Maya Angelou 1928 -2014

Written by Clara Waters

Maya Angelou stands out for her compassion and love of humankind.
During an interview in the later part of her life Maya Angelou was asked about the task she had set herself before dying. Her immediate reply was, “I want to be a Christian. …To be it. …A kind person. An inclusive person. Merciful even, not just just but merciful.”

It is therefore perhaps not surprising that when the interviewer referred to Maya Angelou’s own experience as a victim of rape at the tender age of seven and asked about the advice she would give to rape victims and their loved ones, she said,” I don’t carry the bitterness of it. I would say to everybody: do your best not to give passage and harbour to bitterness. Bitterness is stupid. It’s like cancer. It eats upon the host. That’s a waste of energy and almost a waste of life.”

In the same interview Maya Angelou talked about her love of language, “… I love the sound of the human voice and I love the way we try to translate ourselves to each other by language.” She also said that through her use of language as a writer of lyrics, poems or books her main aims had been to show that “Human beings are more alike than we are unalike” and that “we may encounter many defeats but we must not be defeated. … it may be necessary to encounter defeats so we can know who the hell we are. What can we overcome? What makes us stumble and fall? Somehow miraculously rise and go on?”

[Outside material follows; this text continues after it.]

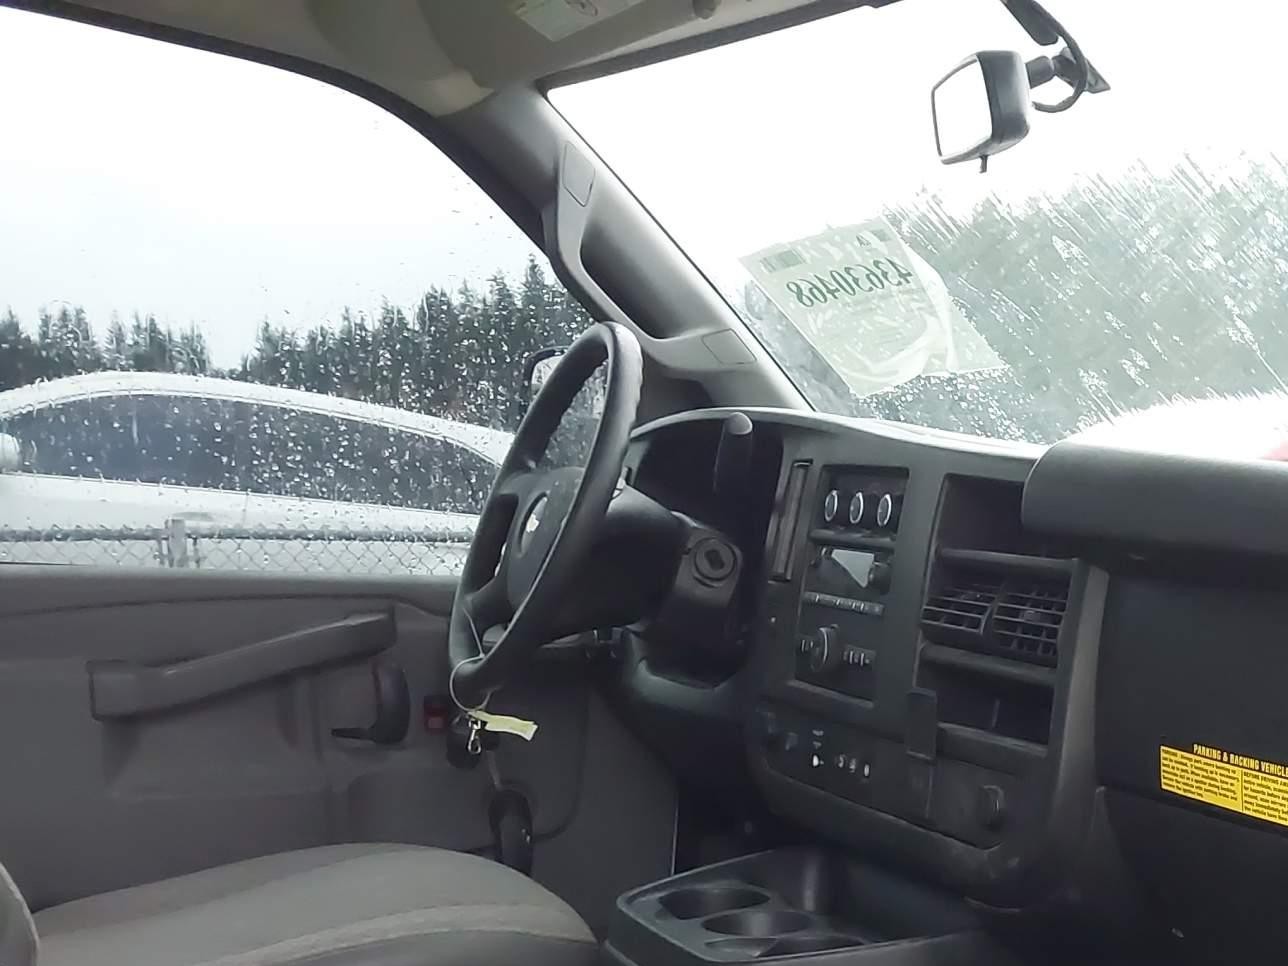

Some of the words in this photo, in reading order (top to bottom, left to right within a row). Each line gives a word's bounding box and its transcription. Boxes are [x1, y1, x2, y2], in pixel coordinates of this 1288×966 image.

Maya Angelou went on to say that as a result of her rapist being found kicked to death in the street after she had named him, her seven year old self had felt responsible and she stopped speaking for almost six years. “I thought my voice had killed him.” She communicated through writing and read all the books that she could find. Thus it was that around the age or nine or ten, Maya Angelou discovered Shakespeare and memorised some fifty of his sonnets. Sonnet 29, ‘When, in disgrace with fortune and men’s eyes’ struck a particular chord. “I couldn’t believe that he was white. How can he know what it feels like to be me … When, in disgrace ….” Maya Angelou proceeded to recite the sonnet with great feeling-

When, in disgrace with fortune and men’s eyes,
I all alone beweep my outcast state,
And trouble deaf heaven with my bootless cries,
And look upon myself and curse my fate,
Wishing me like to one more rich in hope,
Featured like him, like him with friends possessed,
Desiring this man’s art and that man’s scope,
With what I most enjoy contented least;
Yet in these thoughts myself almost despising,
Haply I think on thee, and then my state,
(Like to the lark at break of day arising
From sullen earth) sings hymns at heaven’s gate;
For thy sweet love remembered such wealth brings
That then I scorn to change my state with kings.

When the interviewer made reference to Maya Angelou working briefly as a prostitute as a teenager, she said she had written ‘Gather together in my name’ in which this phase of her life is mentioned because so many adults hide their mistakes from young people. She thought she would tell the children, “Listen I‘ve done this. I have forgiven myself.” She added, “I was afraid that when I told it, there would be a worldwide, certainly nationwide sneering at me. Just the opposite happened. People were so grateful. That somebody told the children, listen you may make many mistakes … but you must not be defeated.”


When asked if she had any regrets, Maya Angelou predictably replied, “That’s a waste of time, isn’t it?” And how would she like to be remembered? “As one who is mostly funny, cheerful, with some courage.”